THE MEMORY POLICE
Publication Design
The design for The Memory Police must address the narrative defined by absence, erasure, and quiet psychological control. The challenge lies in translating the novel’s intangible experience of gradual loss into a compelling visual language. Rather than relying on generic minimalism, the design should embody a sense of progressive disappearance, evoking unease, fragility, and remaining visually striking.
SYNOPSIS
“The Memory Police” by Yoko Ogawa is a dystopian novel set on an unnamed island where objects and the memories associated with them mysteriously disappear. The island's inhabitants passively accept these losses, but a secretive force called the Memory Police ensures that any remaining traces, or those who remember, are erased.
The protagonist, a young novelist, realizes that her editor, R, retains his memories despite the disappearances. To protect him from the Memory Police, she hides him in a secret room in her house. As more things vanish, society becomes emptier. The protagonist struggles to hold onto her identity through storytelling, even as the world around her fades.
INSPIRATION AND SKETCHES
CONCEPTS
FINAL CONCEPT
Two versions were developed to represent the theme of the book. Both versions utilize the red-and-blue color palette, a symbolic sign from police sirens.
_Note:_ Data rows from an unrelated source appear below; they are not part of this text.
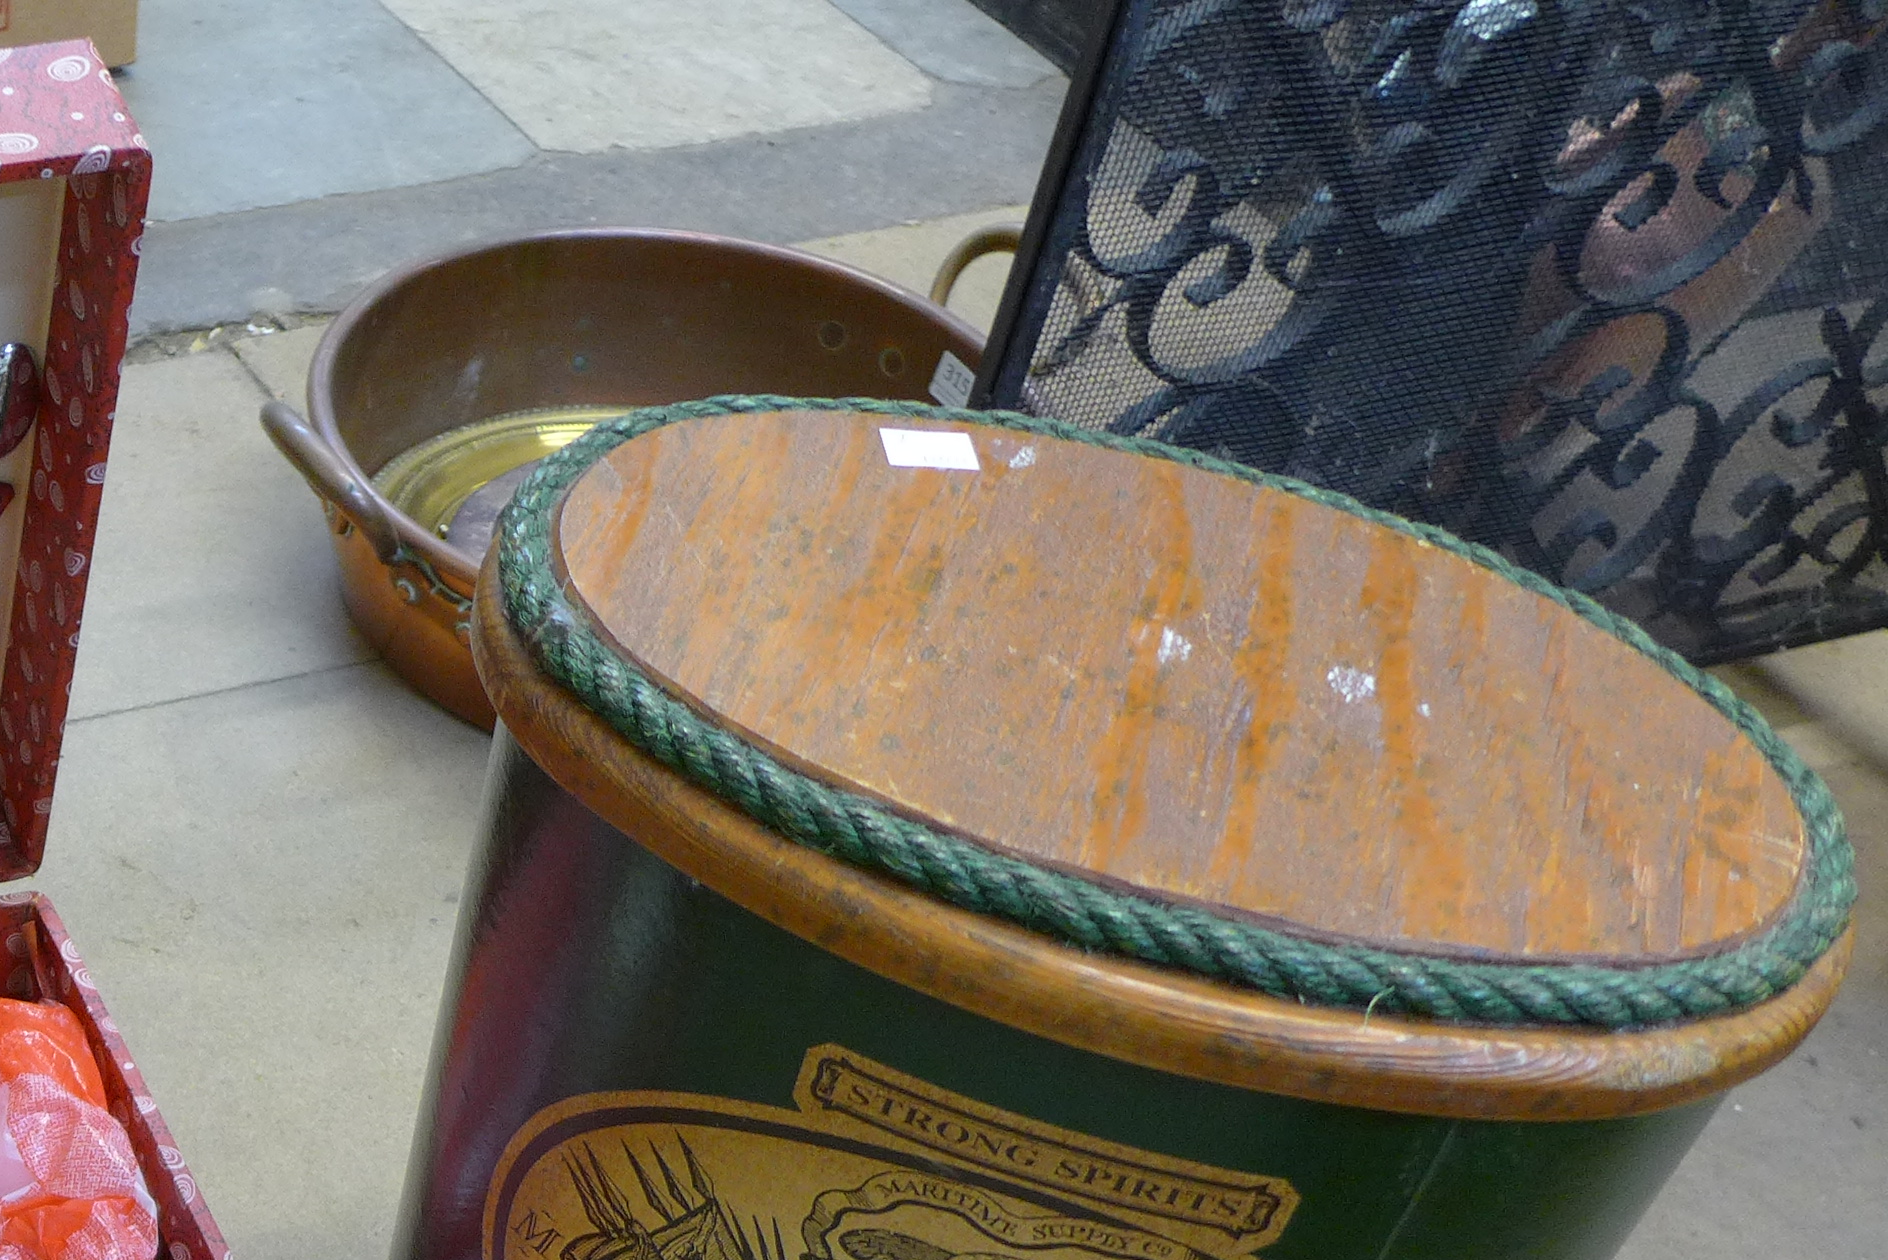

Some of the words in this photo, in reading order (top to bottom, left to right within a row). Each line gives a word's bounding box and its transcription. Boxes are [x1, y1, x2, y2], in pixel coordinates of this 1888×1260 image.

[846, 1081, 1038, 1167] STRONG
[1051, 1151, 1244, 1219] SPIRITS
[874, 1178, 1017, 1238] MARITIME
[1031, 1222, 1130, 1251] SUPPLY
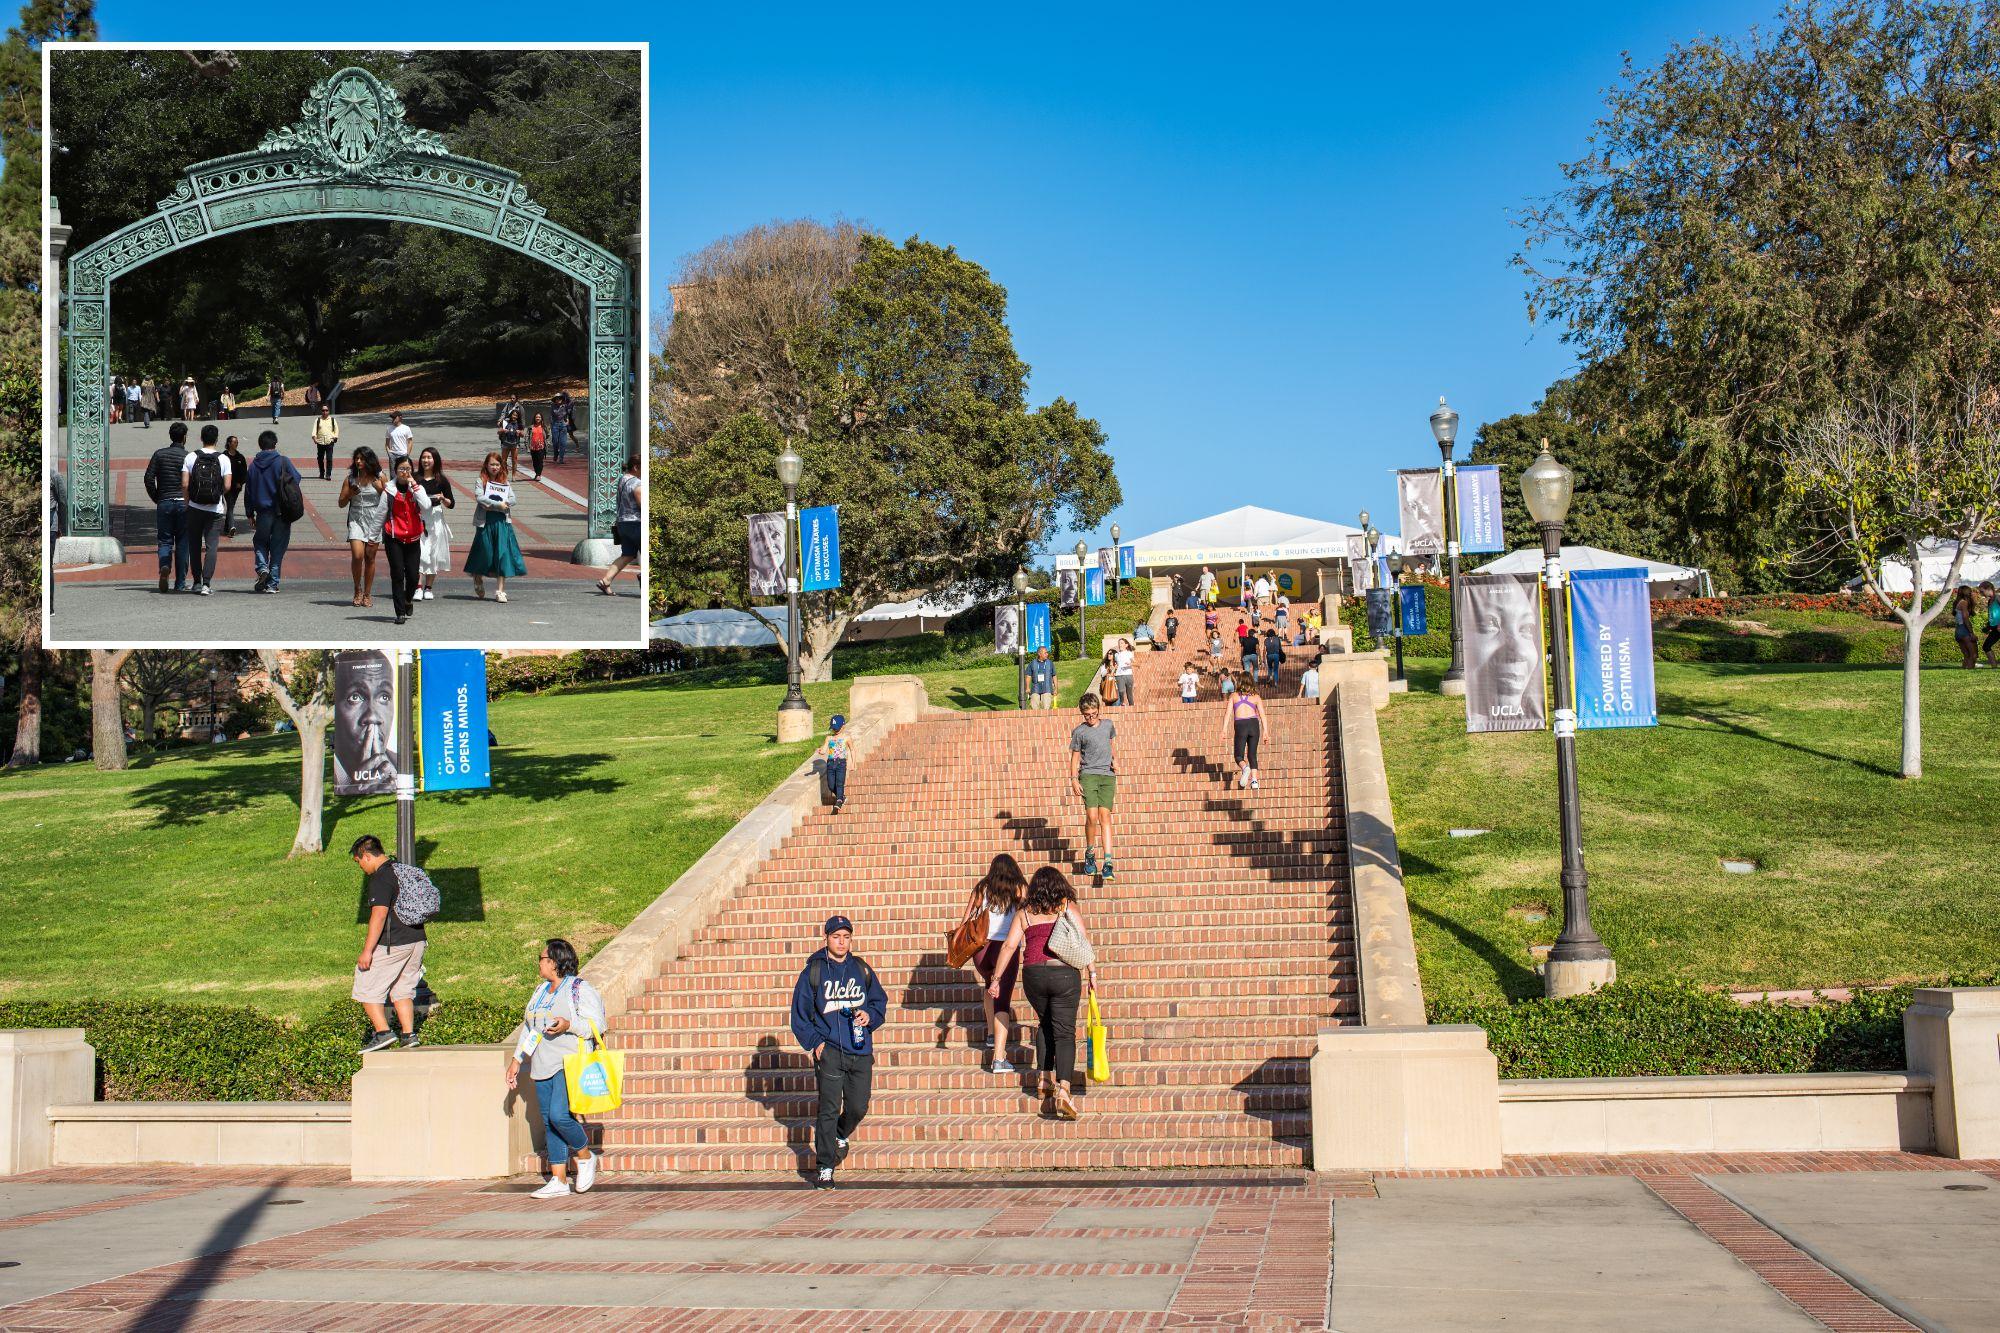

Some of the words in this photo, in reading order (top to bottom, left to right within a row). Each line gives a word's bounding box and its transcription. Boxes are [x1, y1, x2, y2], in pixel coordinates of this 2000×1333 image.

[262, 188, 363, 213] SATHER
[380, 191, 445, 215] GATE
[822, 534, 830, 567] EXCUSES.
[824, 568, 831, 581] NO
[1599, 624, 1611, 641] BY
[1601, 644, 1615, 712] POWERED
[1618, 637, 1633, 711] OPTIMISM.
[457, 683, 469, 729] MINDS.
[1491, 705, 1525, 717] UCLA
[443, 710, 455, 775] OPTIMISM
[458, 731, 471, 774] OPENS
[354, 770, 382, 781] UCLA
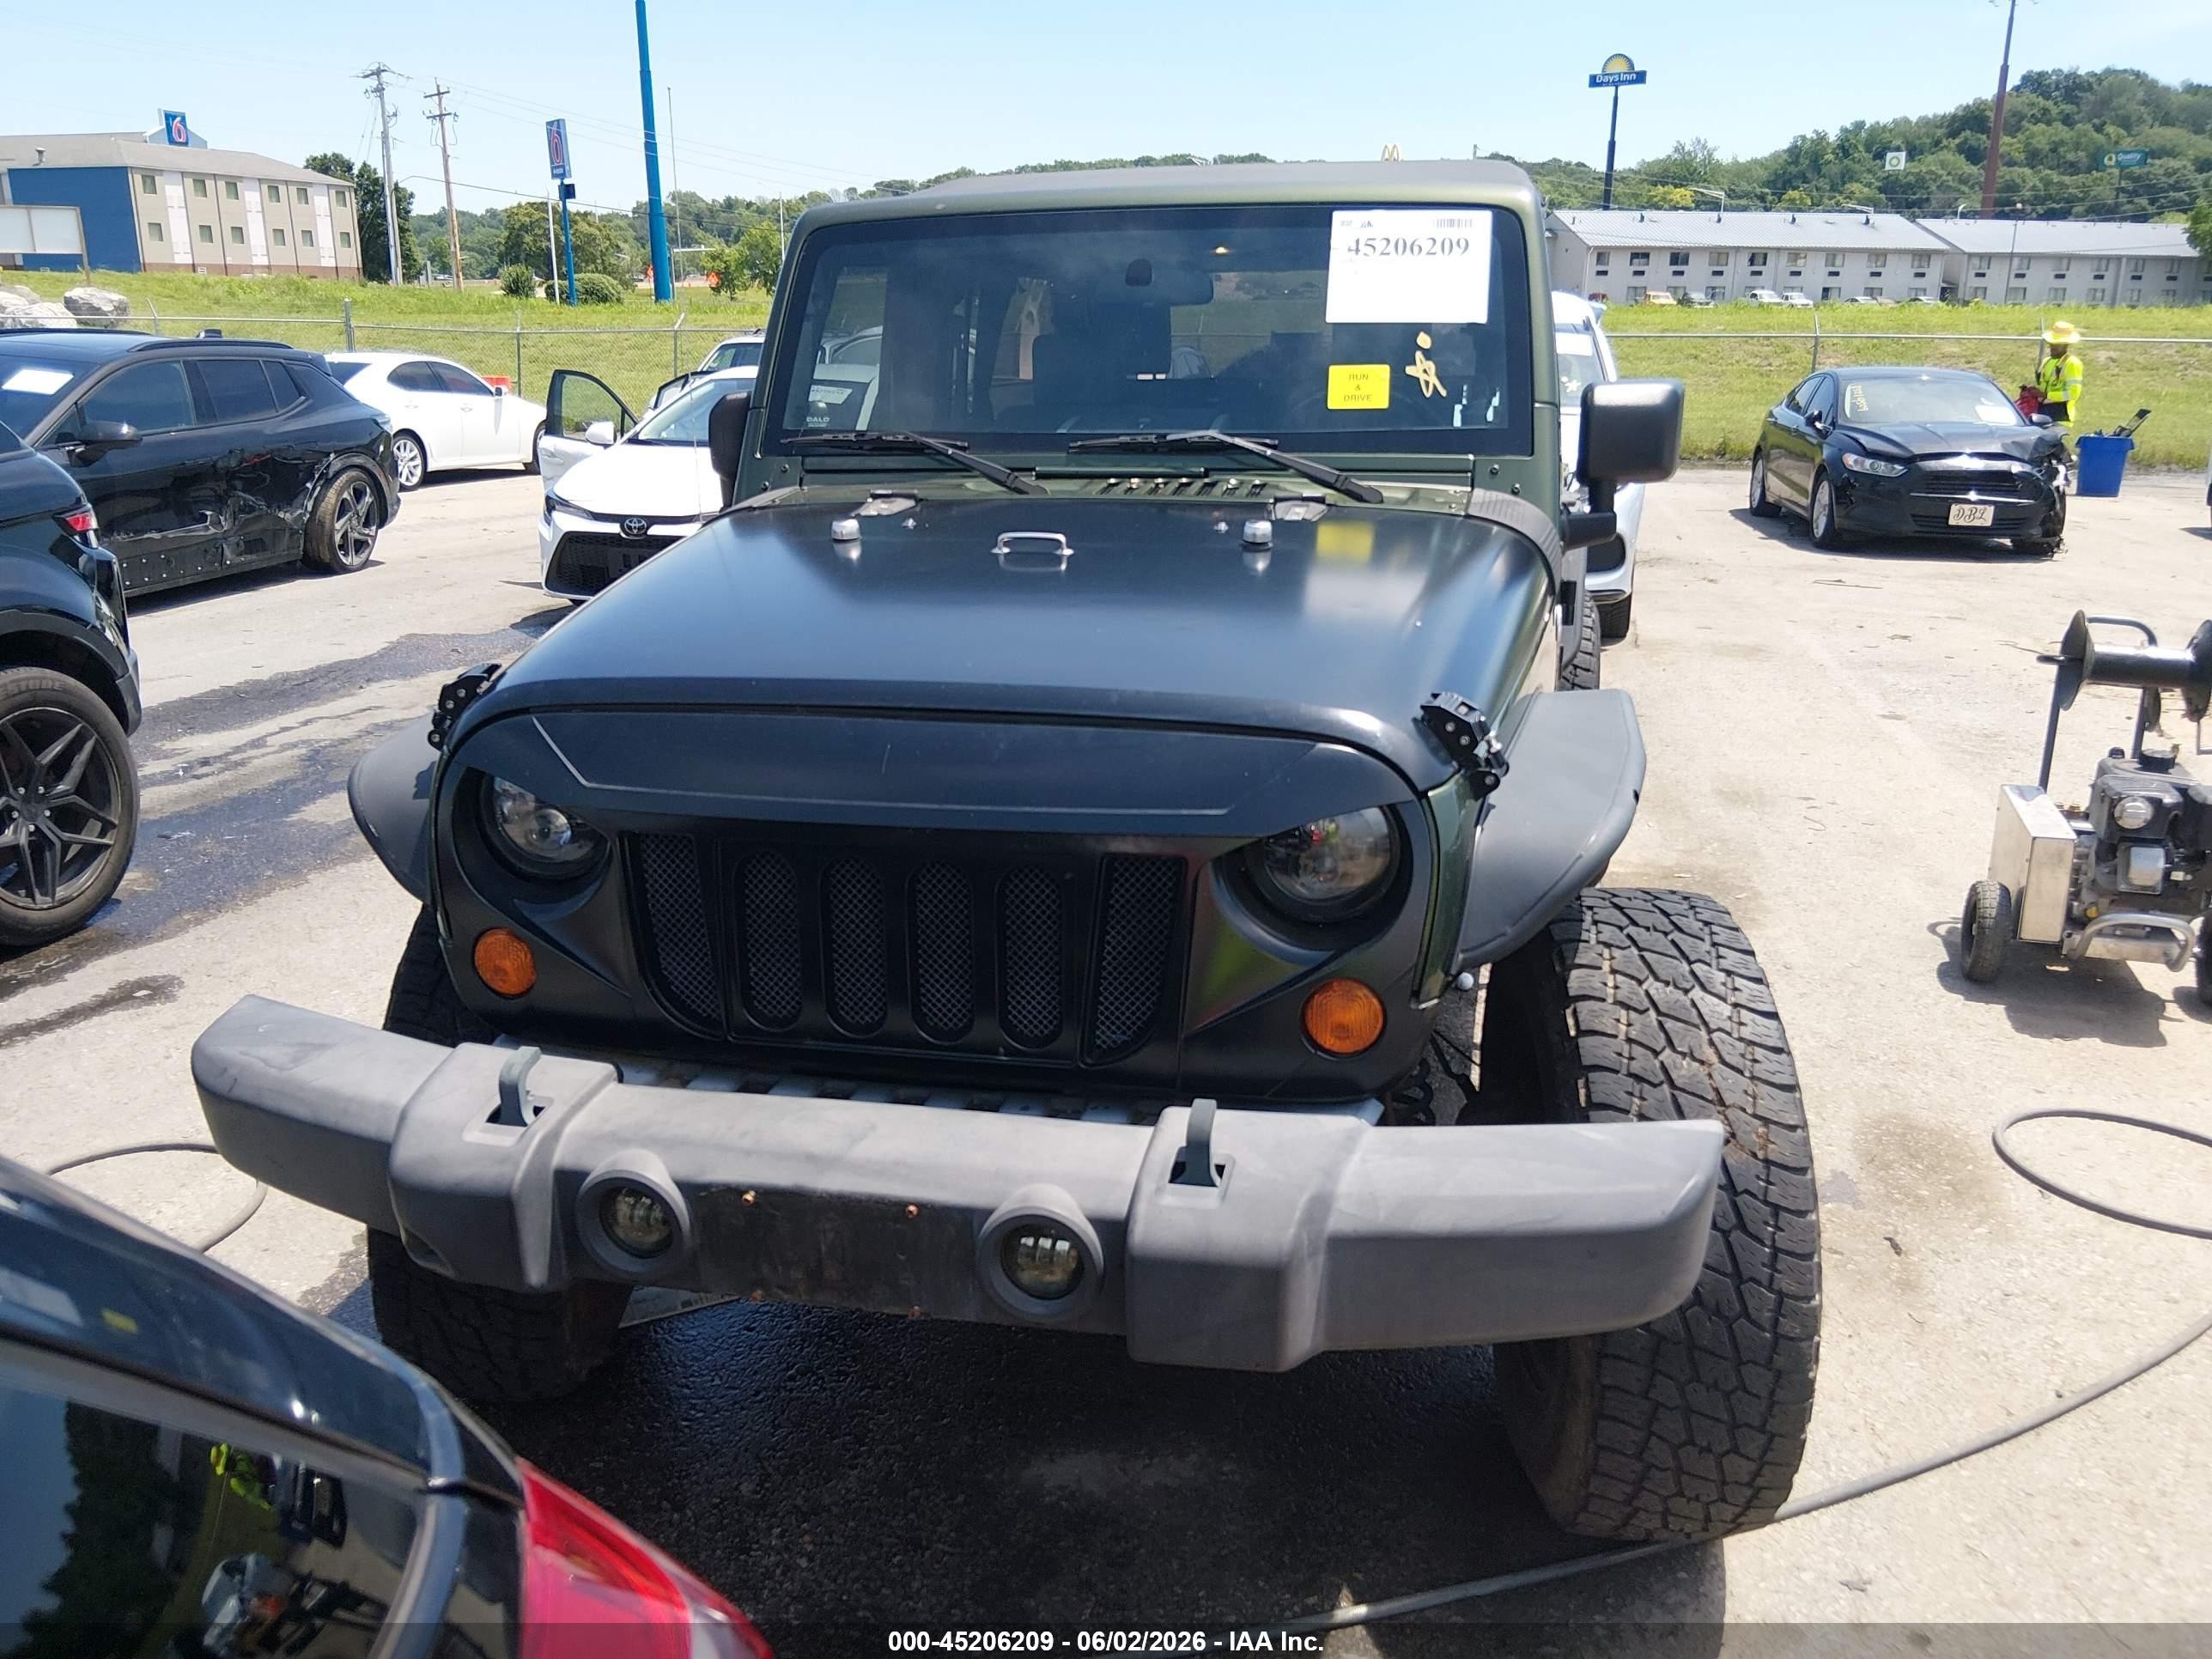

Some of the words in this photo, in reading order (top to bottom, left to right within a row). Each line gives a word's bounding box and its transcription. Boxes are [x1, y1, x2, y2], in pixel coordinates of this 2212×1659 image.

The first solution is type-dominant composition. It transforms typography into the concept itself. By manipulating the letterforms into a geometric layout, the composition builds a visual “maze” that feels repetitive and inescapable—echoing how the inhabitants are trapped within an invisible system enforced by the Memory Police. The use of glassmorphism effects with transparent, blurred layers and refracted edges creates a sense of distortion and illusion. Additionally, the integration of type across front, spine, and back establishes continuity, suggesting the book's theme is about controlled systems
EXECUTION
The second solution is image-dominant composition. The inclusion of key objects in the book such as roses and birds from the book represents disappearance as they dissolve into dust along with glitch textures and visual noise. The layer of abstract blue shapes in the front cover evokes police siren lights, reinforcing authority without directly depicting the Memory Police. The top-down perspective in the back cover suggests surveillance and the unsettling idea that people are being watched by unseen force they cannot understand.